Ему стало весело, он отомстил за Пушкина, он знал цену ханжеству, он был не один в этом мире, у него был Пушкин.
– Ты хотел, чтобы я родила от тебя, – продолжала она. – Как можно от тебя рожать, объясни, как можно родить от такого, как ты?
– Я не прокаженный.
– Ты самый лучший, – заплакала она вдруг, – самый, самый, а я несчастная.
Он обнял ее.
– Не бросай меня, пожалуйста.
– Как тебя бросить, милый мой, милый, ты ведь пропадешь. Это все богема, как ты не понимаешь, твои друзья, ты думаешь, они навсегда? Их же скоро перестреляют к чертовой матери, они же газет не читают, они же бесполезны, но ты же другой, скажи мне, ты другой?
– Другой.
– Я гибну, – сказала она. – Помоги мне, я гибну, удержи меня.
Бессмертный Шурка видел, как он держит руки любимого человека, вроде бы крепко держит, как надо, но удержать не пытается, то ли пальцы его слабы, то ли воля, но видит он сейчас только себя, держащего ее руки, а ее саму он не видит.
Он попытался стряхнуть с себя оцепенелость, эту тупость души, но там, где должно было болеть, всего лишь ныло о потерянной боли. Как он ненавидел себя в эту минуту! Он был мертвец для нее сейчас, настоящий мертвец, а она принимала его за другого.

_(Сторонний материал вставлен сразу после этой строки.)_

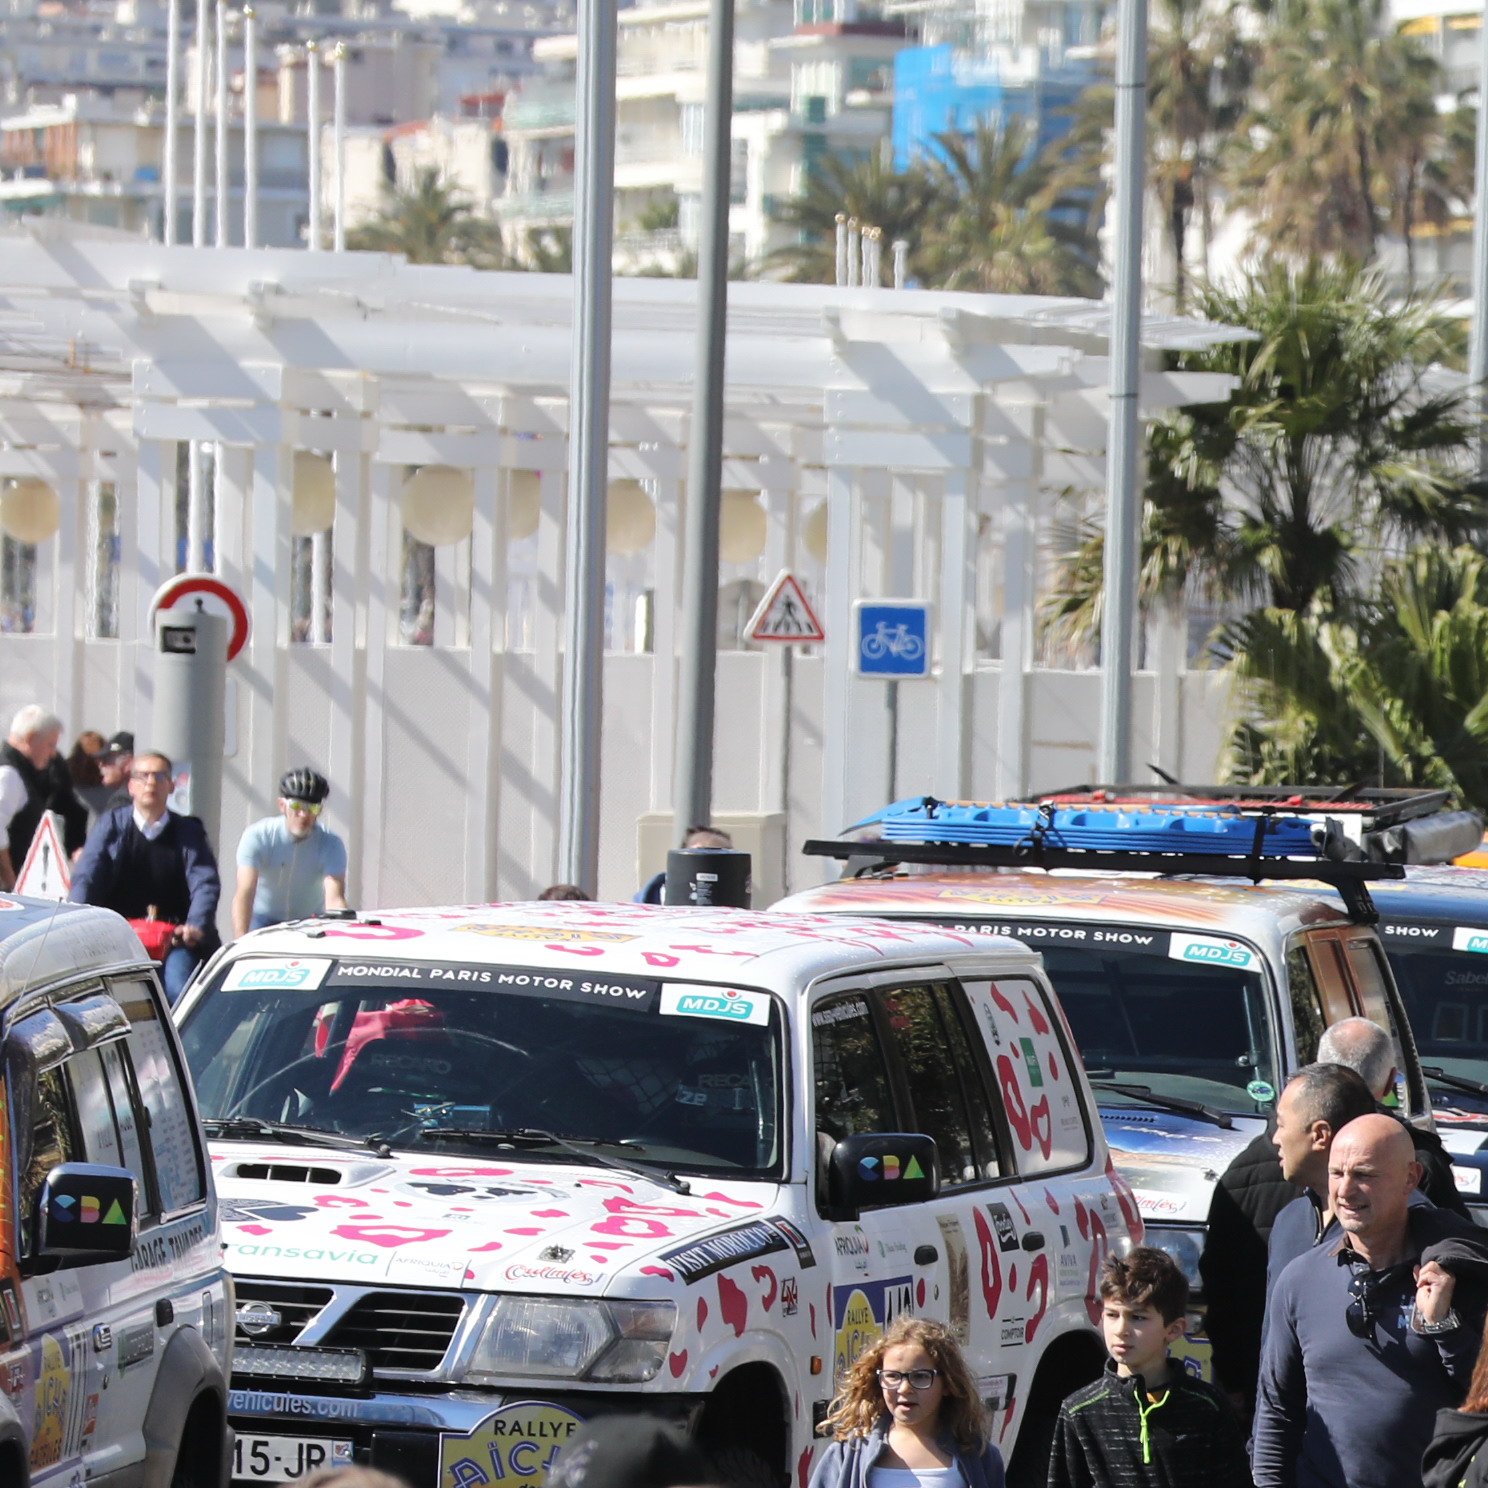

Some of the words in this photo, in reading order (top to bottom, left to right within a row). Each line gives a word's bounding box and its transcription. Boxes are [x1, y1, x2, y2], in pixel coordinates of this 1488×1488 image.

[1017, 925, 1087, 940] MOTOR
[1093, 930, 1154, 946] SHOW
[1384, 924, 1440, 938] SHOW
[1189, 944, 1248, 963] MDJS
[245, 968, 305, 984] MDJS
[337, 965, 422, 980] MONDIAL
[429, 968, 492, 984] PARIS
[497, 973, 575, 992] MOTOR
[580, 981, 648, 1001] SHOW
[682, 997, 749, 1016] MDJS
[857, 1153, 926, 1182] CBA
[52, 1194, 128, 1226] CBA
[227, 1243, 381, 1266] ransavia
[665, 1246, 715, 1277] VISIT
[702, 1226, 774, 1262] MOROCCO
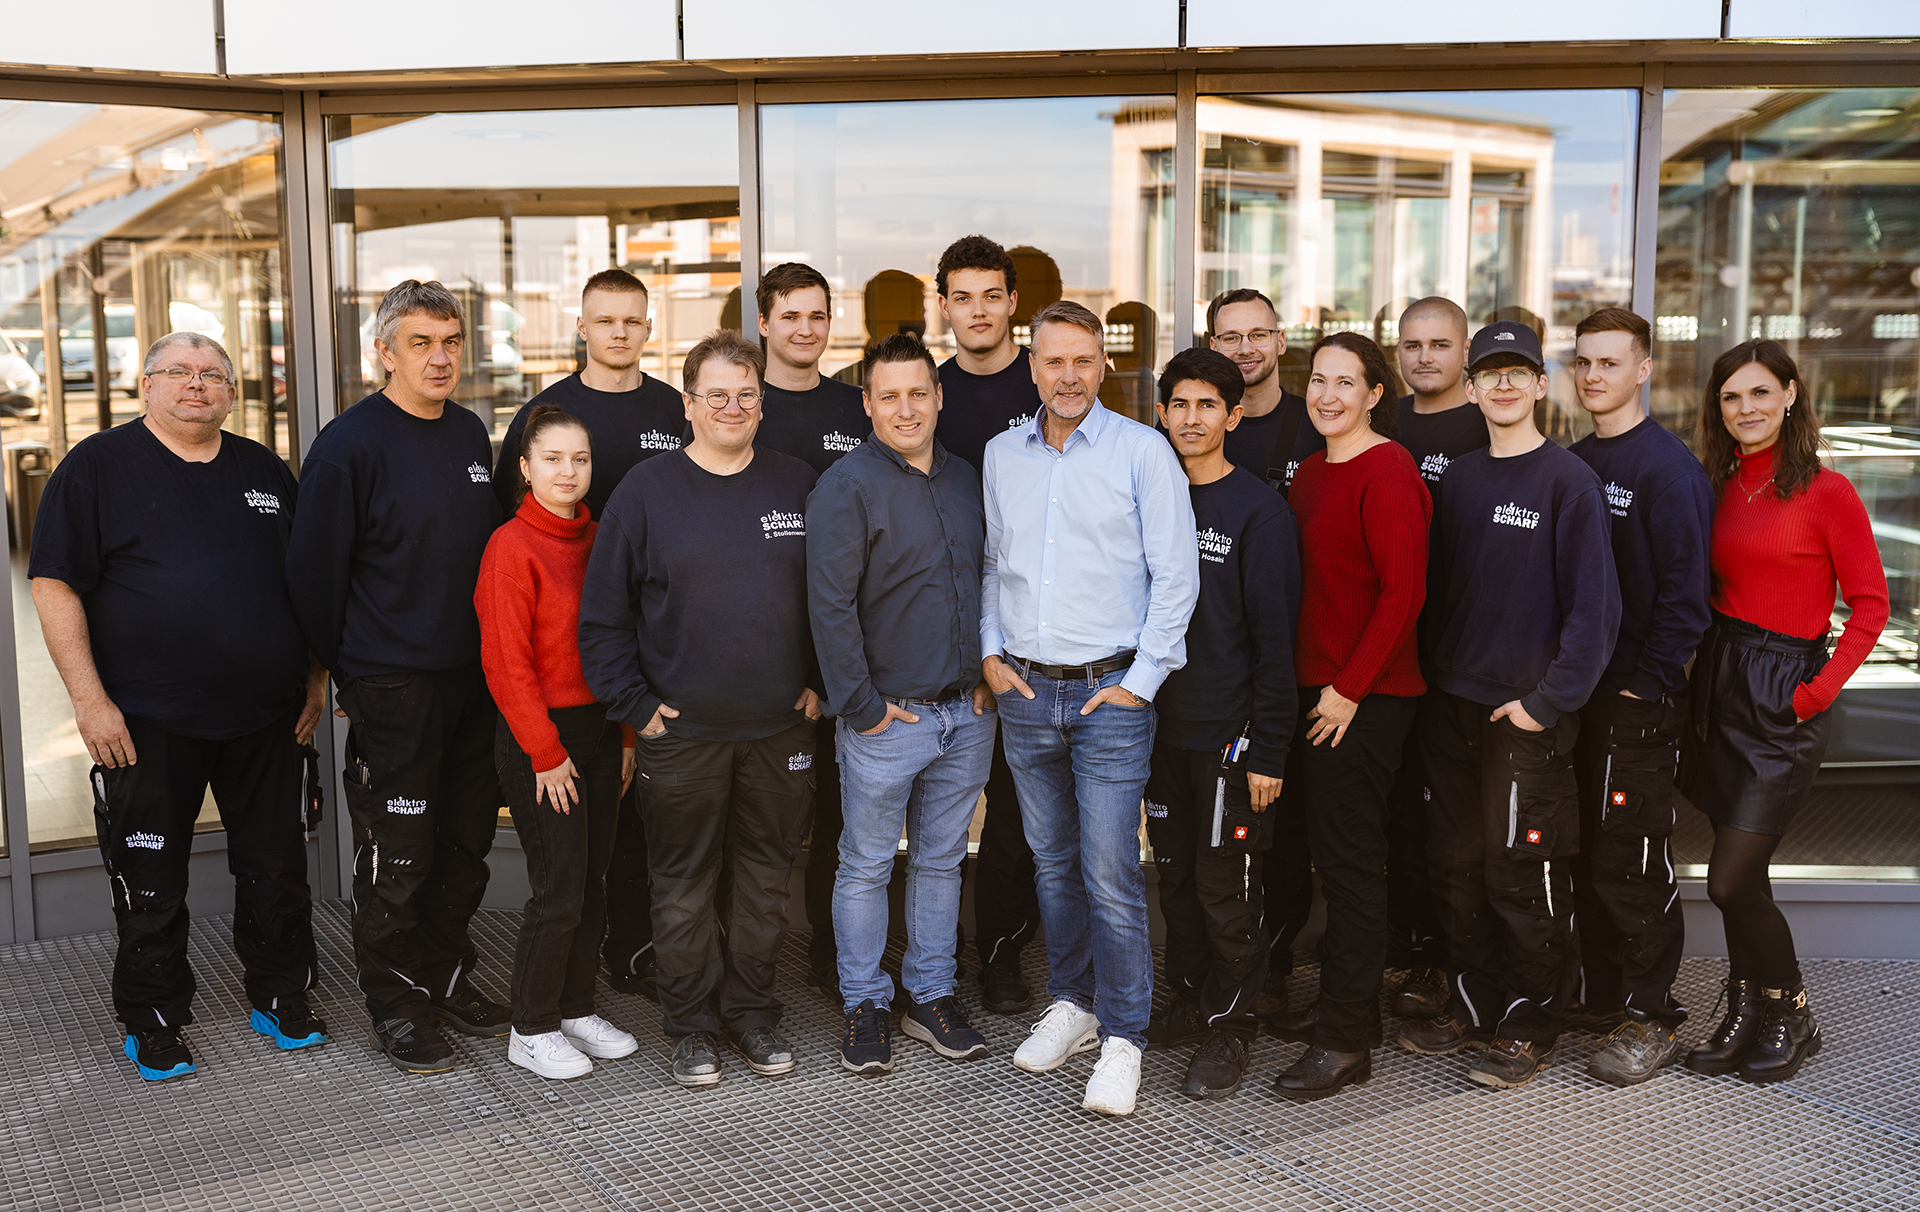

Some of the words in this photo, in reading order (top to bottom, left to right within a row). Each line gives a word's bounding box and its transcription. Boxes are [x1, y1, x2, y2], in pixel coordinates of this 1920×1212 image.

– Обещай мне, что это не повторится, эти карты, женщины, пьянство, обещай мне.
– Обещаю.
Она отстранилась и посмотрела на него каким-то ледяным, пристальным, жестким взглядом. Бессмертный Шурка похолодел.
«Вот оно как, – подумал бессмертный Шурка, глядя в эти жуткие глаза, – вот оно как».